According to a report recently published by the Plant-Based Foods Association and the Good Food Institute, two organizations that advocate for plant-based foods, plant-based milk alone accounts for 35 percent of the total plant-based foods market, worth $2.5 billion to plant-based meat’s $1.4 billion. Plant-based milks don’t just dominate the plant-based food sector, they also take up a sizable portion of retail milk sales — 15 percent overall, and 45 percent in natural food stores.

Plant-based milk is the largest segment of the overall plant-based food industry.

Oatly’s sudden rise since it came on the US market in 2016 has helped drive this growth.

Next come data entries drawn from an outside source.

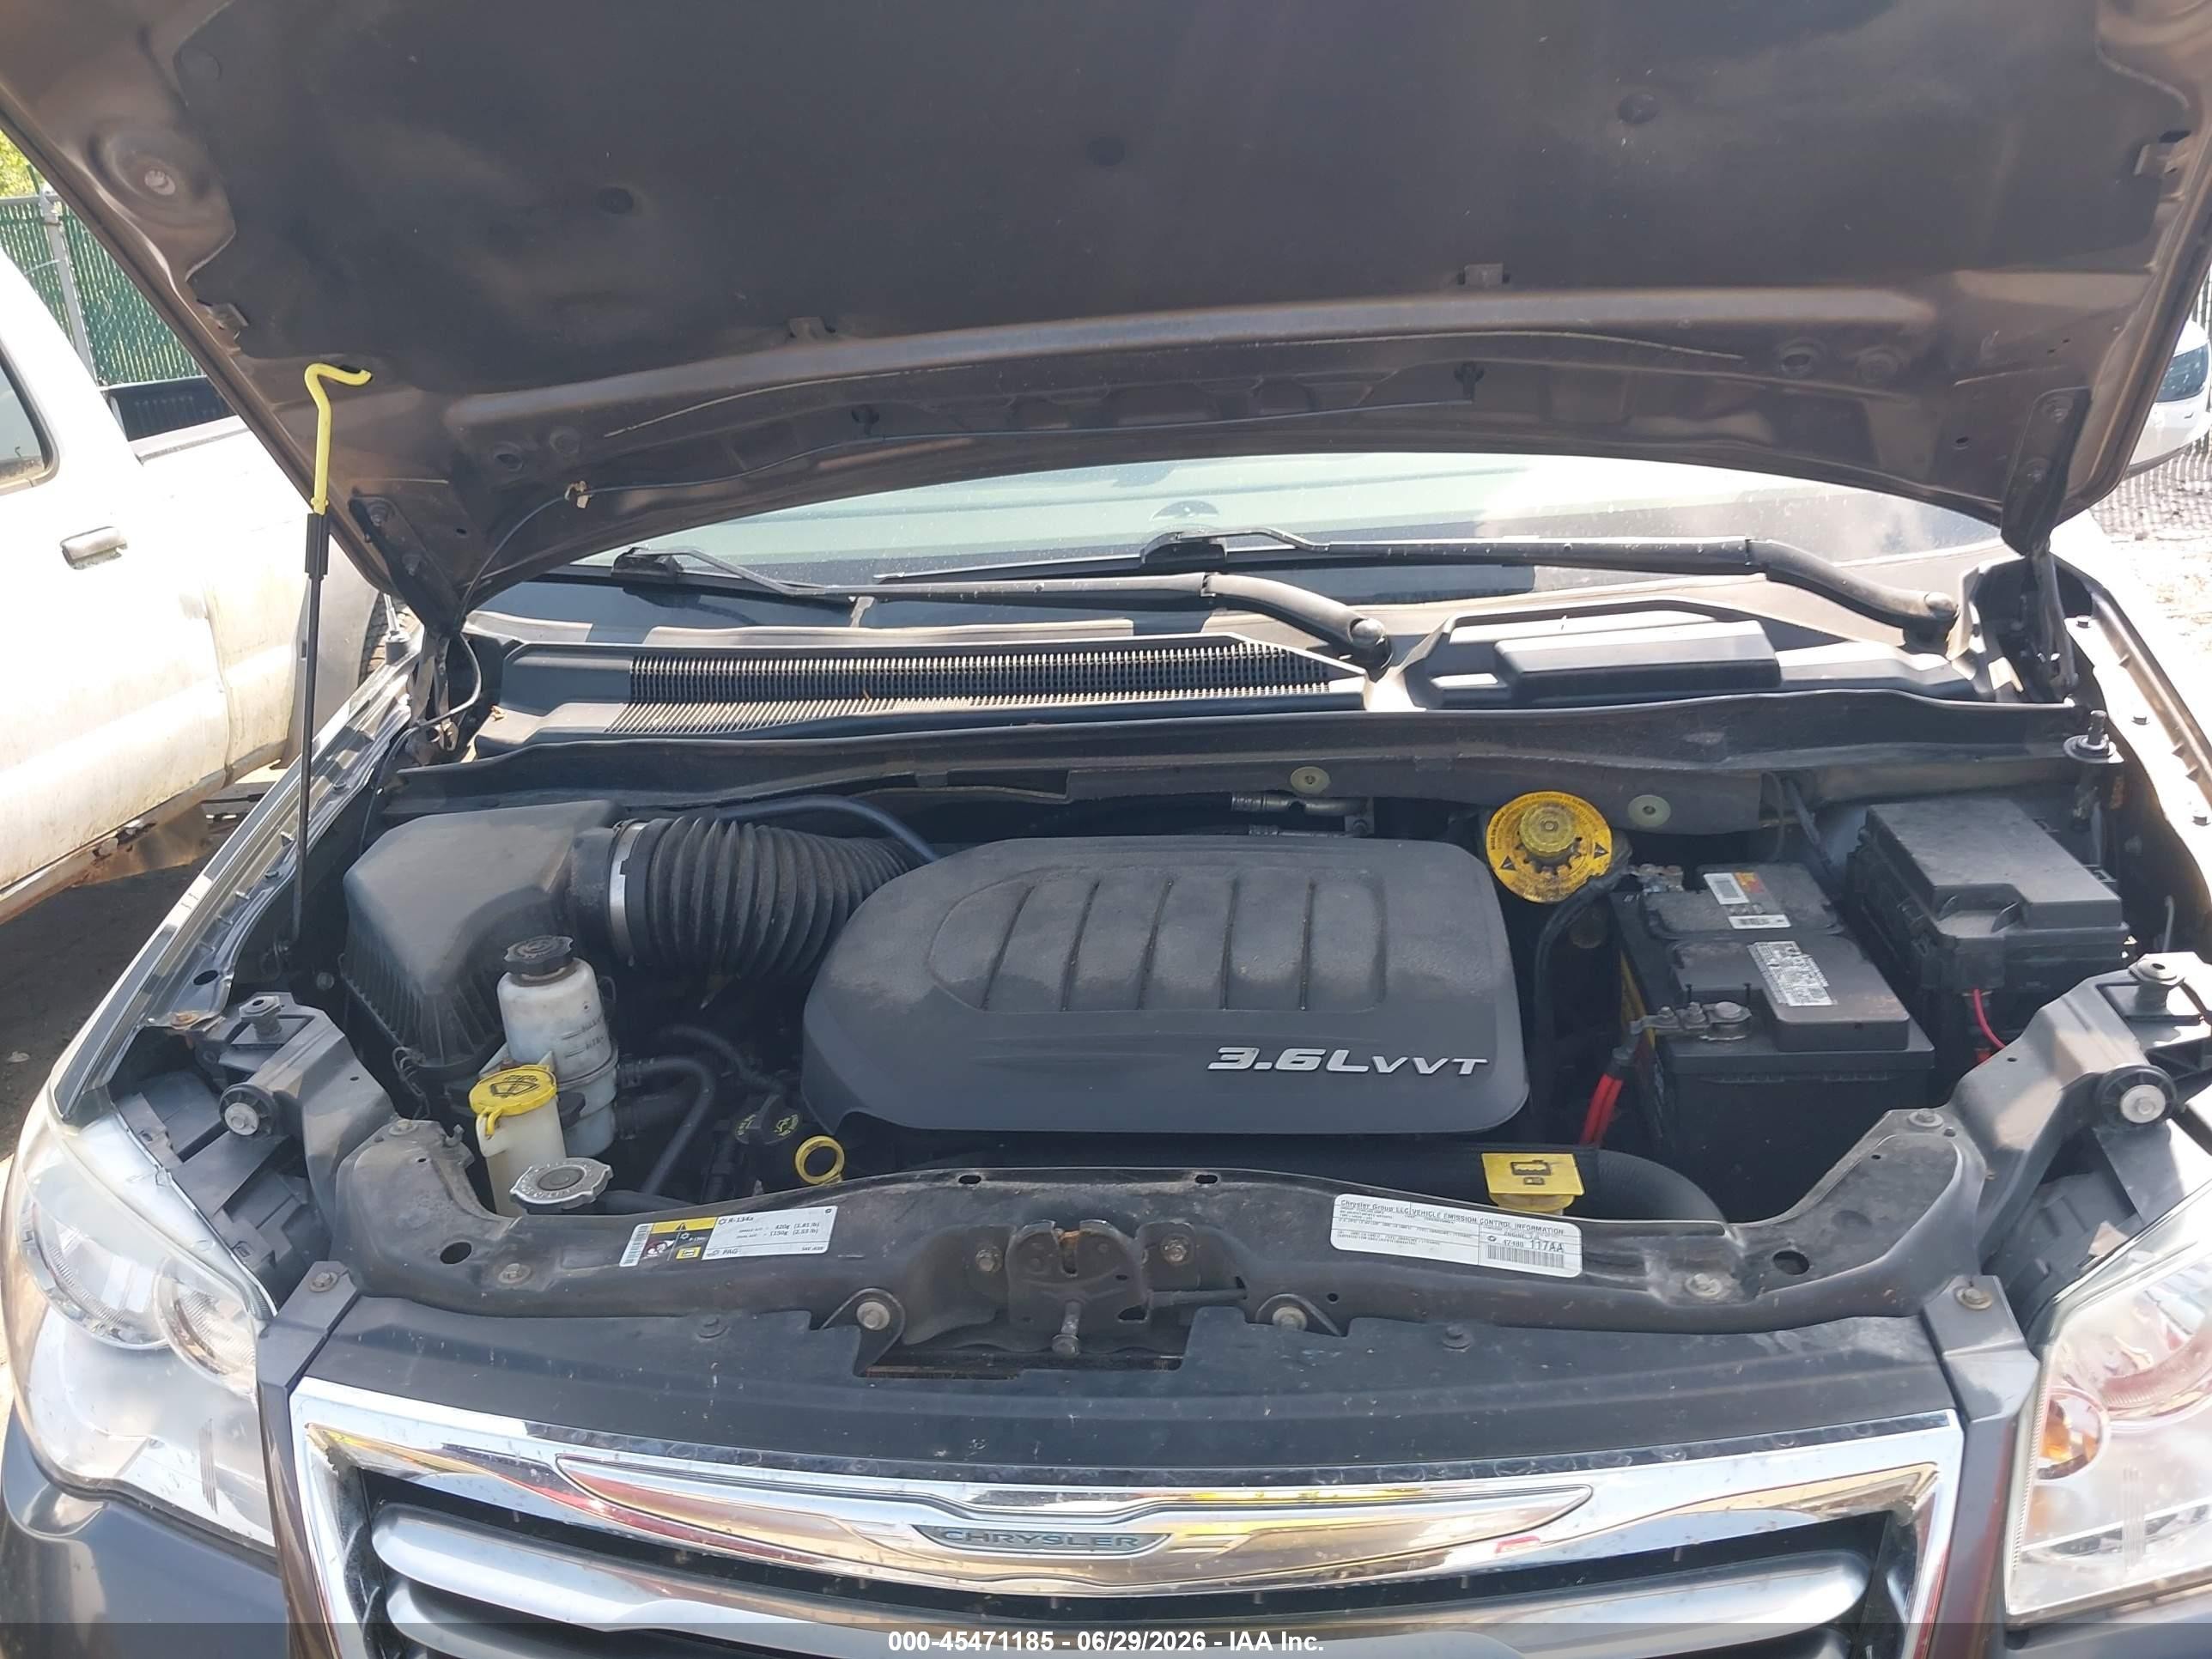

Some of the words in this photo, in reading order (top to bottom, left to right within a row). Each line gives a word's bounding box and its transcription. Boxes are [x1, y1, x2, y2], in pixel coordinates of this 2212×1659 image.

[1340, 1200, 1369, 1210] Chrysler
[1372, 1203, 1394, 1213] Group
[1412, 1209, 1441, 1218] VEHICLE
[1443, 1212, 1477, 1223] EMISSION
[1480, 1218, 1510, 1228] CONTROL
[1514, 1223, 1564, 1235] INFORMATION
[1530, 1239, 1564, 1253] 117AA
[945, 1530, 1139, 1547] CHRYSLER

Almond milk sits at the top of the plant-based milk category, but oat milk recently pushed soy milk out of second place, thanks to Oatly and big brands like Silk (owned by Danone) and Chobani following Oatly’s lead with a range of oat-based dairy products.

In fact, Starbucks, which started using Oatly products last year in select US stores and rolled it out nationwide earlier this year, says its share of orders that use plant-based milk jumped from 17 to 25 percent after it introduced Oatly.

These shifts from traditional to plant-based dairy are important in the fight against climate change, as traditional dairy is an especially resource-intensive sector. According to a 2018 University of Oxford study, any way you slice it, cow’s milk uses much more land and water and emits far more greenhouse gases than any plant-based milk. For example, almond milk gets a bad rap for being water-intensive, but cow’s milk requires about 70 percent more water to produce, emits more than twice as much Co2, and requires more than 15 times as much land. Compared to almond milk, oat milk uses much less water but a little more land.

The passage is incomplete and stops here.